Oil & gas transporters’ profits to speed up, container shippers’ to dip

Oil and gas transportation companies are expected to enjoy significant second-half profit growth extending to next year, while container shipping firms see slower growth.

Oil and gas transportation companies are expected to enjoy significant second-half profit growth extending to next year, while container shipping firms see slower growth.

A  Saigon Securities Inc. (SSI) report released Tuesday said demand for oil and gas transportation was on the rise while that of container shipping may decelerate to single-digit growth.

The report, which analysed the seaport and marine transport sector, said container freight was expected to return to normal levels, but this would depend on the resolution of supply chain disruptions worldwide, which is not projected to happen until the second half of 2023, when pandemic-related restrictions would be removed in most markets worldwide, including China.

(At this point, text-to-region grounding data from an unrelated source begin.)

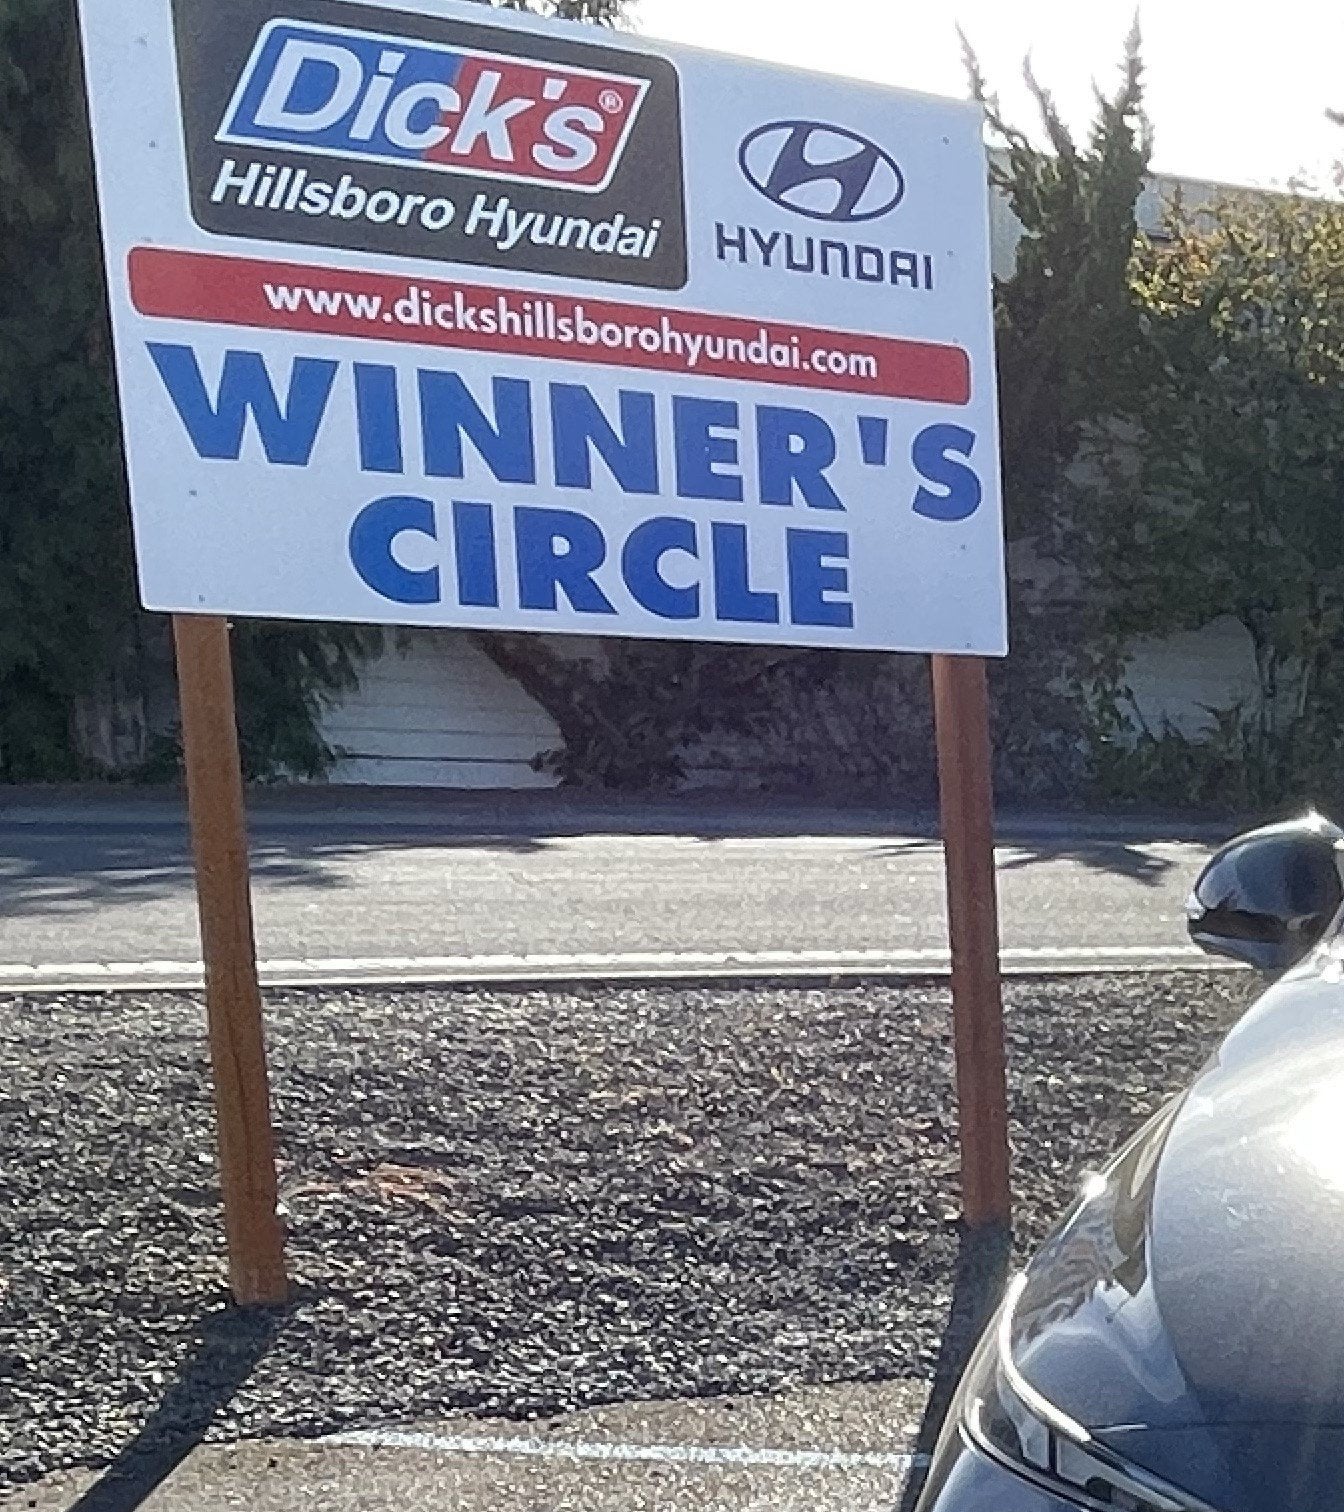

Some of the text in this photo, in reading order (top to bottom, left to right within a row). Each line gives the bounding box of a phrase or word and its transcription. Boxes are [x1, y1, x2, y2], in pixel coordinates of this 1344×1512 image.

[211, 157, 662, 262] Hillsboro Hyundai
[713, 221, 936, 291] HYUNDAI
[262, 276, 879, 380] www.dickshillsborohyundai.com
[146, 342, 983, 522] WINNER'S
[348, 496, 855, 630] CIRCLE
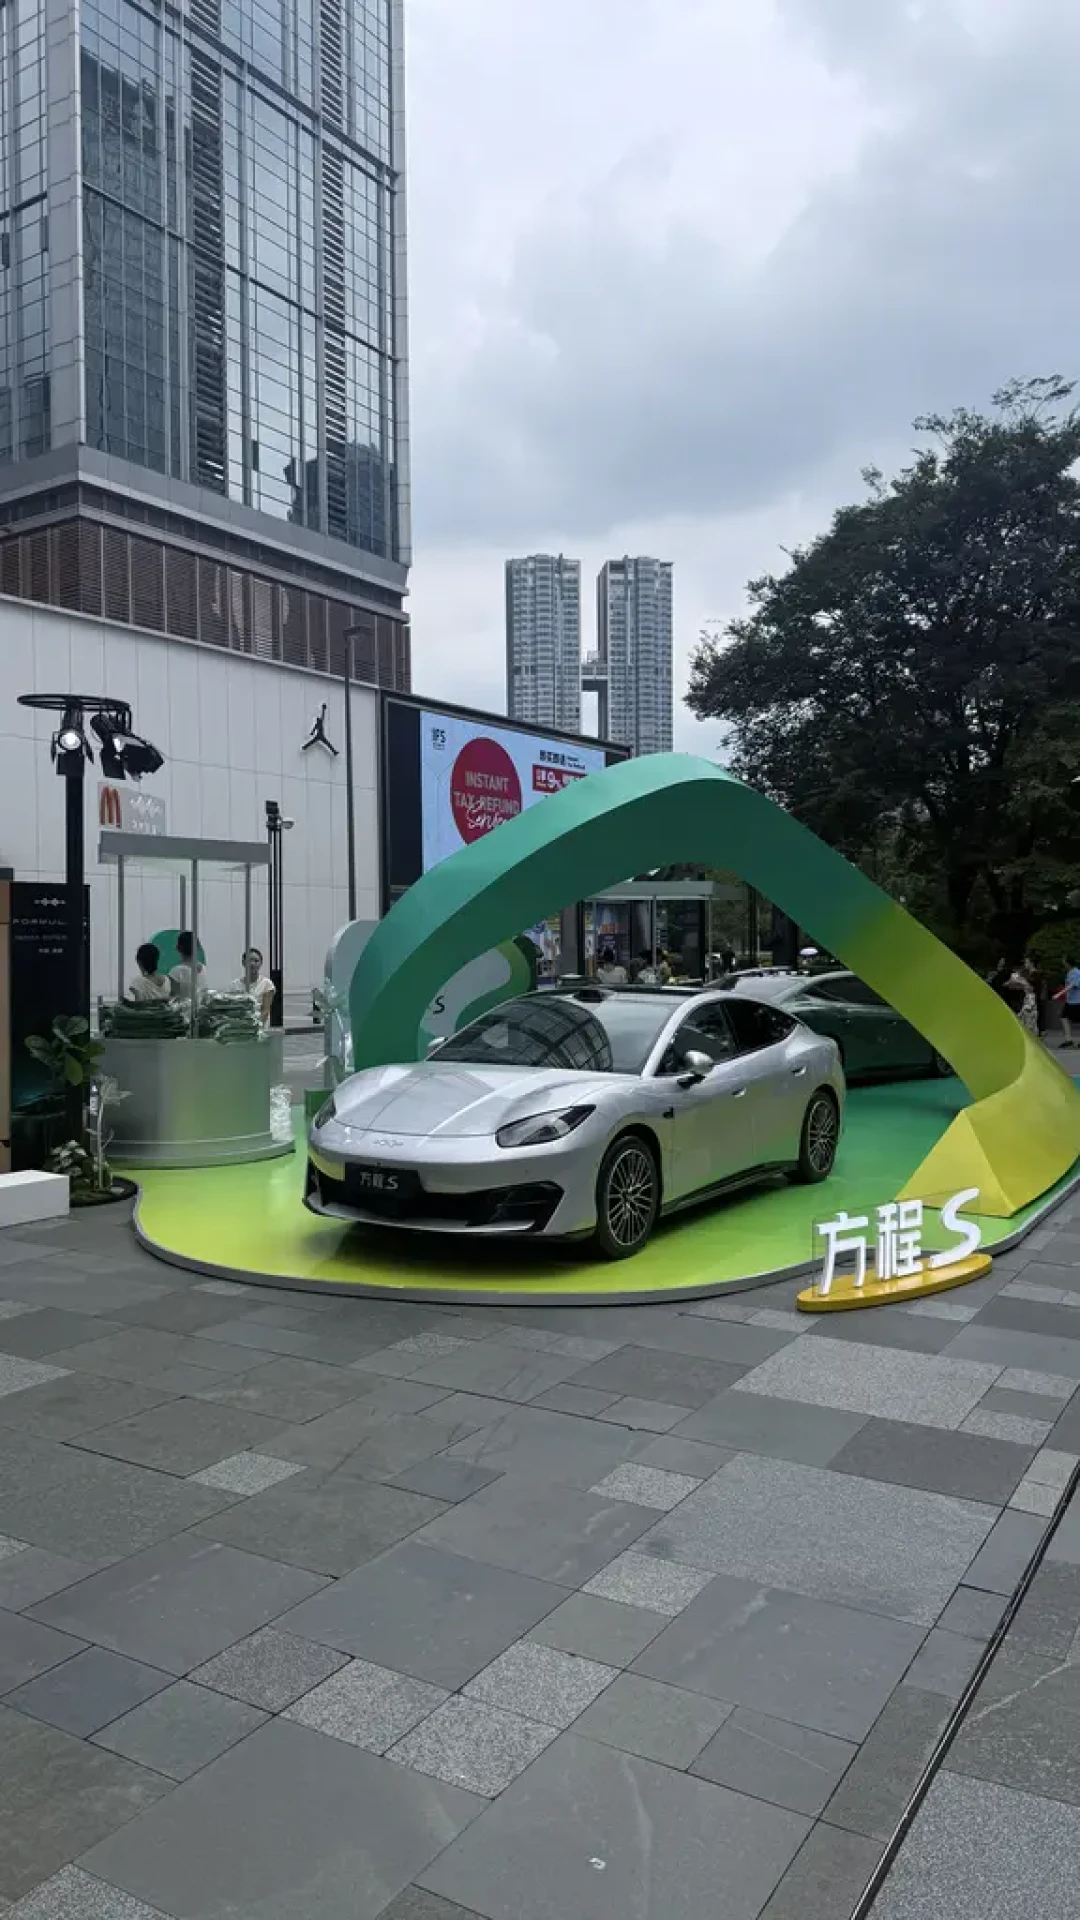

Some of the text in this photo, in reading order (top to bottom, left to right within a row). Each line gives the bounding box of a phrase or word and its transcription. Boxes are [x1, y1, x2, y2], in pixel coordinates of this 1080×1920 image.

[465, 770, 510, 792] INSTANT
[453, 791, 520, 815] TAX REFUND
[12, 917, 68, 926] FORMUL

Hai Phong Port in Hai Phong city, northern Vietnam. Photo courtesy of the port.

“Profit growth for container transporters may slow but profits will remain strong through 2023 thanks to vessel leasing agreements renewed with higher rents and a stable domestic market,” the report said.

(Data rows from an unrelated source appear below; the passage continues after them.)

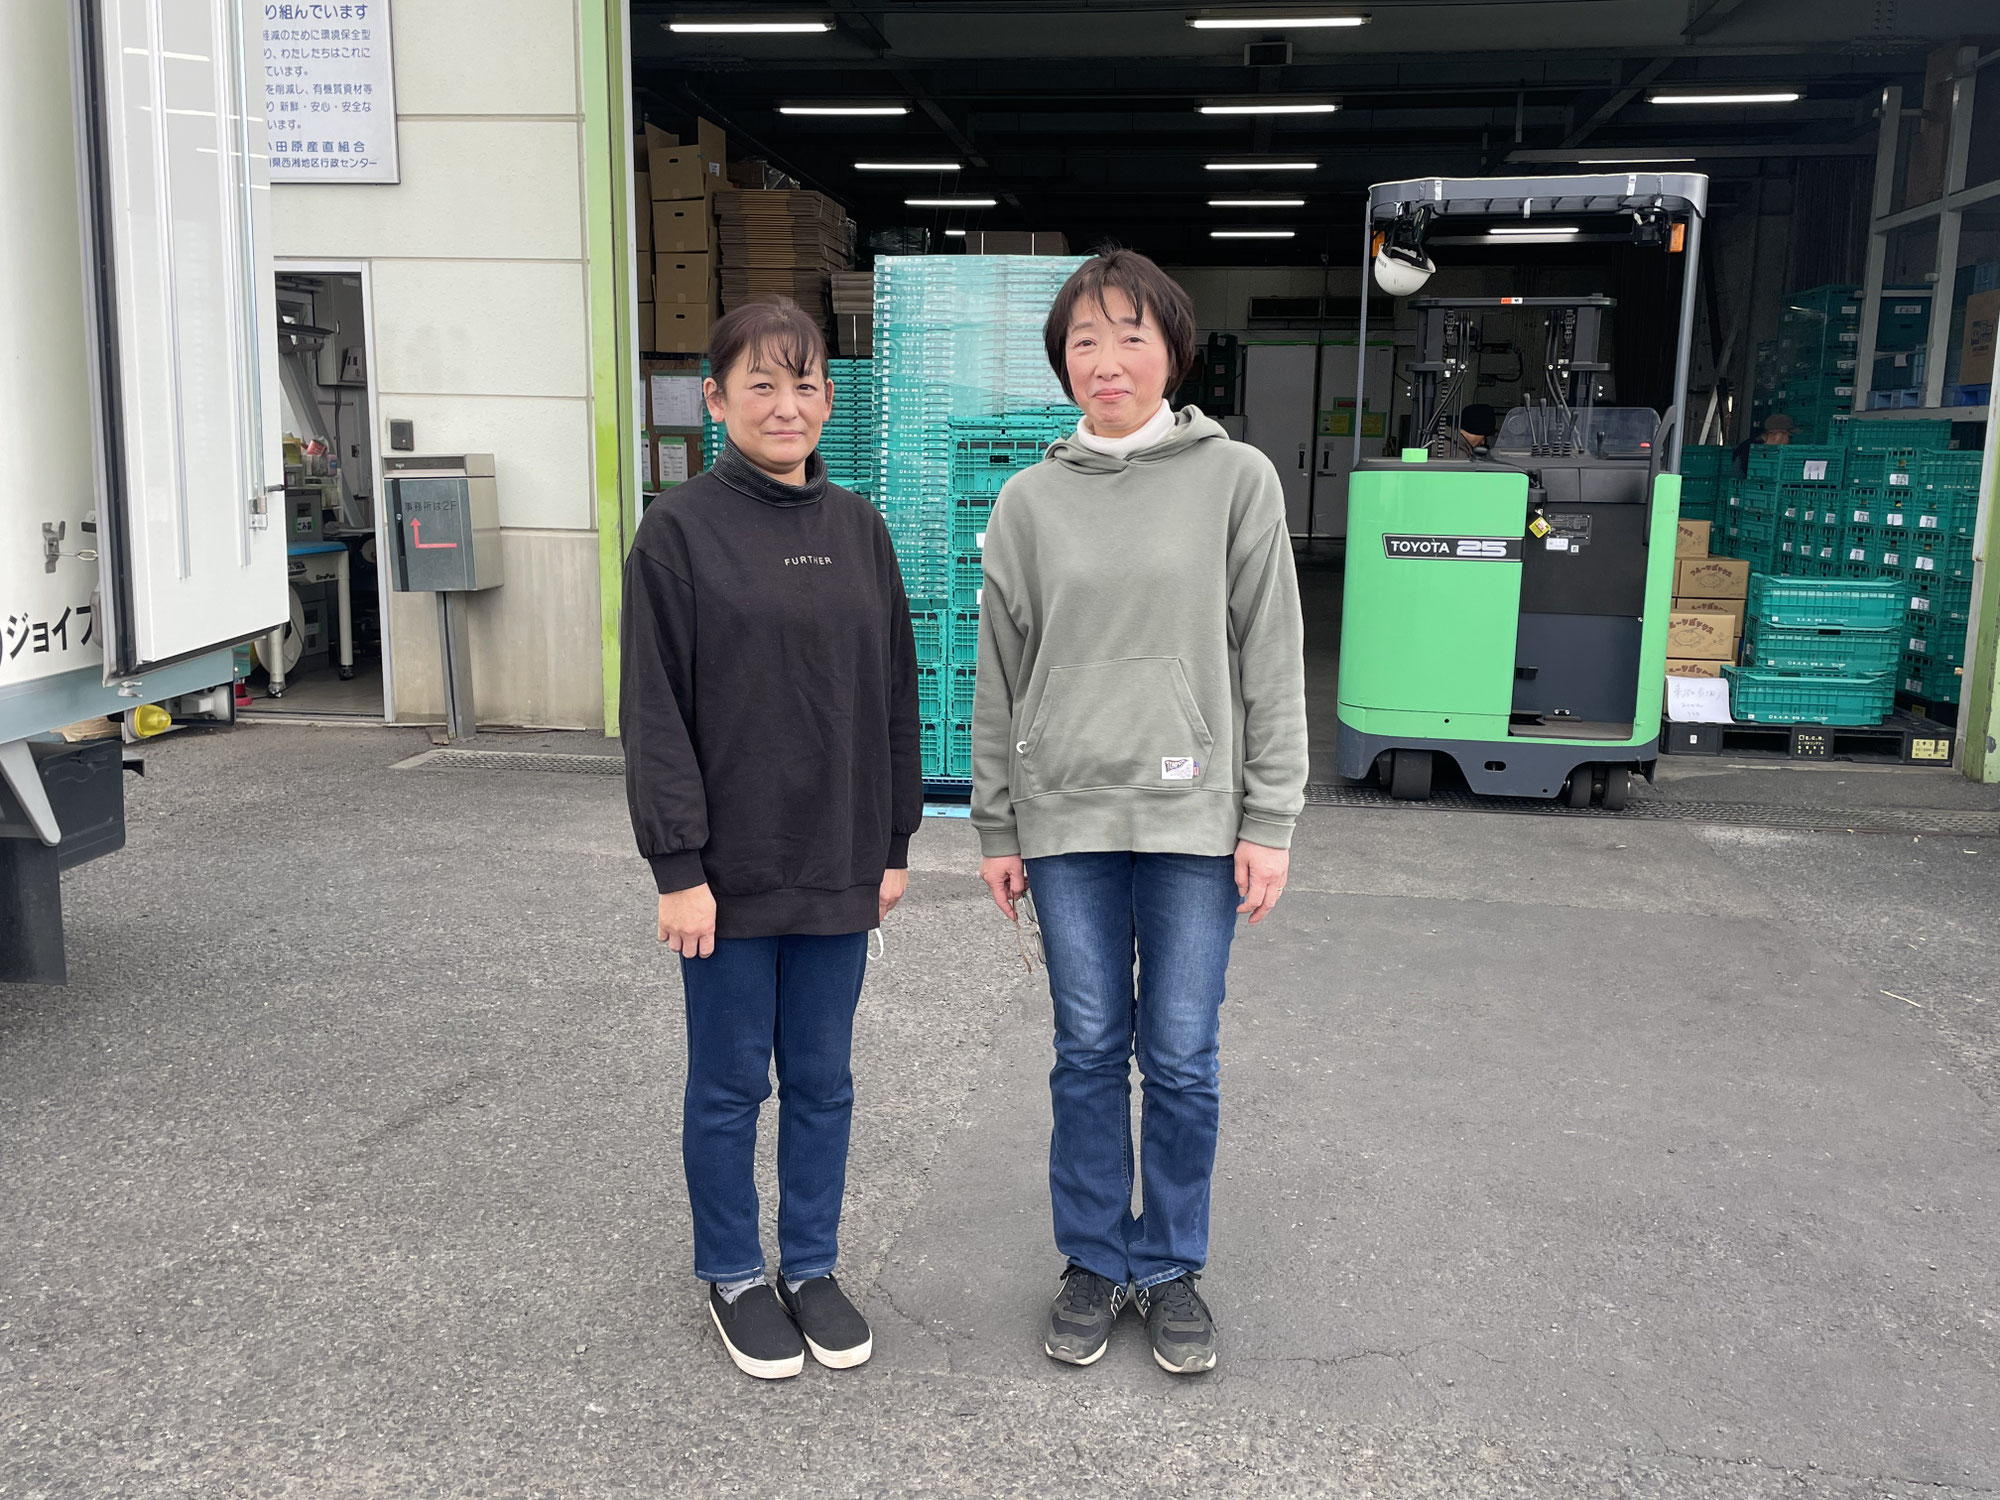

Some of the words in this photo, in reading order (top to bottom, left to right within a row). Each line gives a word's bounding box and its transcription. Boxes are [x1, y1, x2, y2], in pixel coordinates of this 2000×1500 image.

[265, 4, 368, 20] り組んでいます
[269, 157, 377, 169] 県西湘地区行政センター
[1390, 540, 1450, 554] TOYOTA
[1456, 540, 1508, 557] 25
[784, 555, 833, 567] FURTHER

As for port operating companies, profit growth is likely to be stable for deep-water ports like Gemalink in the southern province of Ba Ria-Vung Tau and the Hai Phong International Container Terminal (HICT) in the northern port city of Hai Phong, while other ports may face downward pressure, the leading broker predicted.

In the first six months of 2022, containerized cargo handled through seaports nationwide totalled 12.8 million TEUs (twenty-foot equivalent unit), up just 0.5% year-on-year, it noted.